— Items from a data source —
■ ■ ■ ■ ■
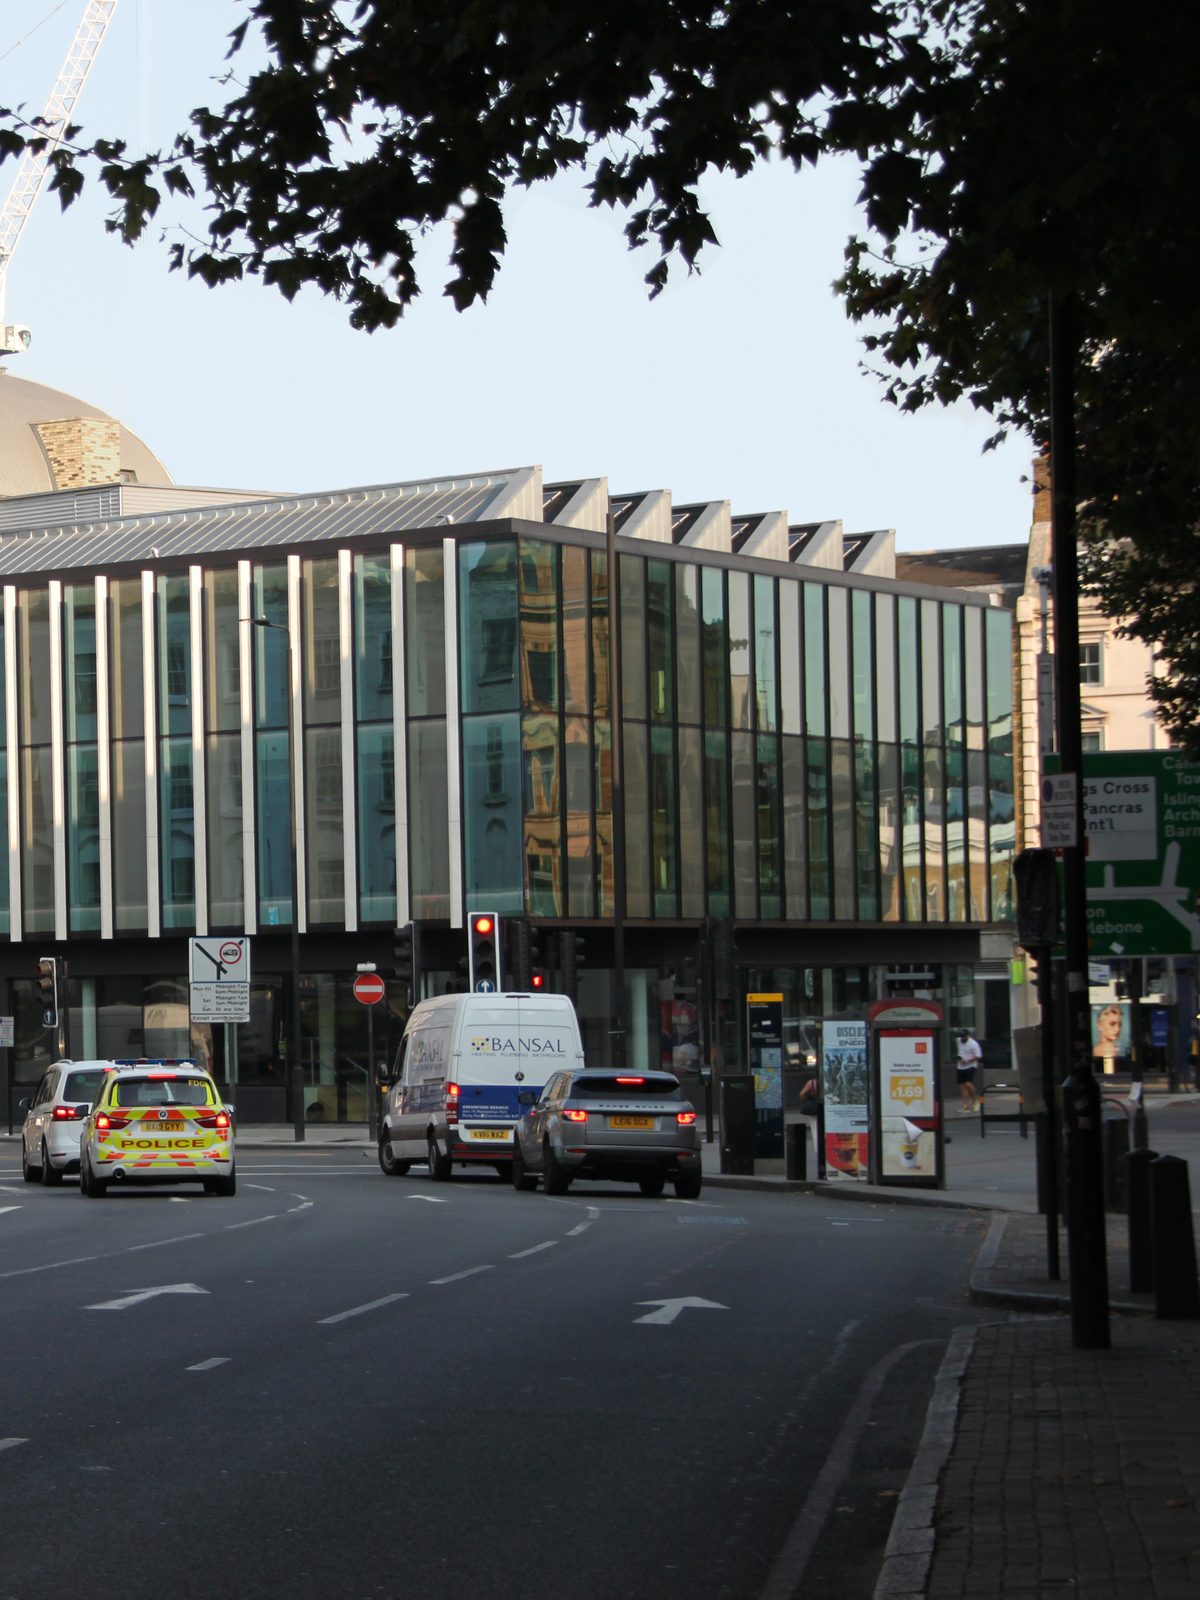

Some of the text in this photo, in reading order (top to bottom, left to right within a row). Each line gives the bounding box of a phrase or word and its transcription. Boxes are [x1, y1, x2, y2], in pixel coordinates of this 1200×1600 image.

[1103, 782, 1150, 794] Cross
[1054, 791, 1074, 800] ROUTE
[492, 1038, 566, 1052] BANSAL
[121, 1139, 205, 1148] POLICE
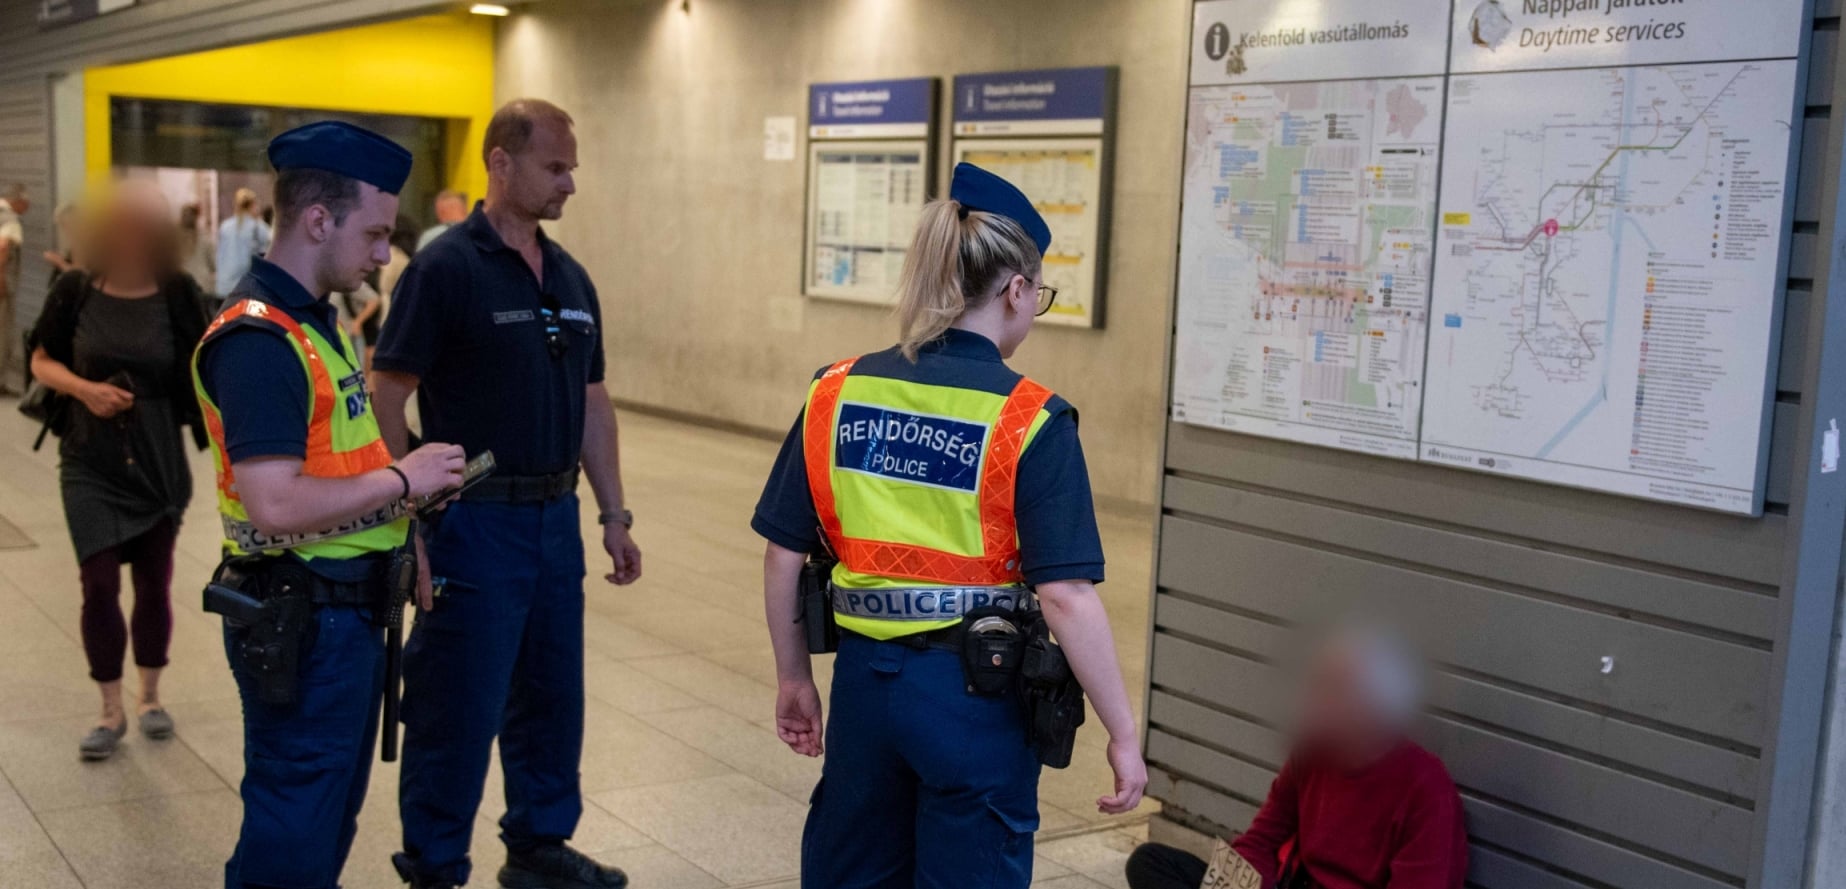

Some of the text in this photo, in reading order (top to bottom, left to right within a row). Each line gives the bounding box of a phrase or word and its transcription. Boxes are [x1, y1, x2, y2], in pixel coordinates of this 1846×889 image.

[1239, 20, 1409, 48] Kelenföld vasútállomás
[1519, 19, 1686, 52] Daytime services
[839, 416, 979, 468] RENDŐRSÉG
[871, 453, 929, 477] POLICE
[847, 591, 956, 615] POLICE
■ ■ ■ ■ ■
— Problem statement —
Look above for the line containing "this 1846×889 image.", then transcribe it and all lines after it through the last, exactly and with nothing else.

— Answer box —
Some of the text in this photo, in reading order (top to bottom, left to right within a row). Each line gives the bounding box of a phrase or word and its transcription. Boxes are [x1, y1, x2, y2], in pixel coordinates of this 1846×889 image.

[1239, 20, 1409, 48] Kelenföld vasútállomás
[1519, 19, 1686, 52] Daytime services
[839, 416, 979, 468] RENDŐRSÉG
[871, 453, 929, 477] POLICE
[847, 591, 956, 615] POLICE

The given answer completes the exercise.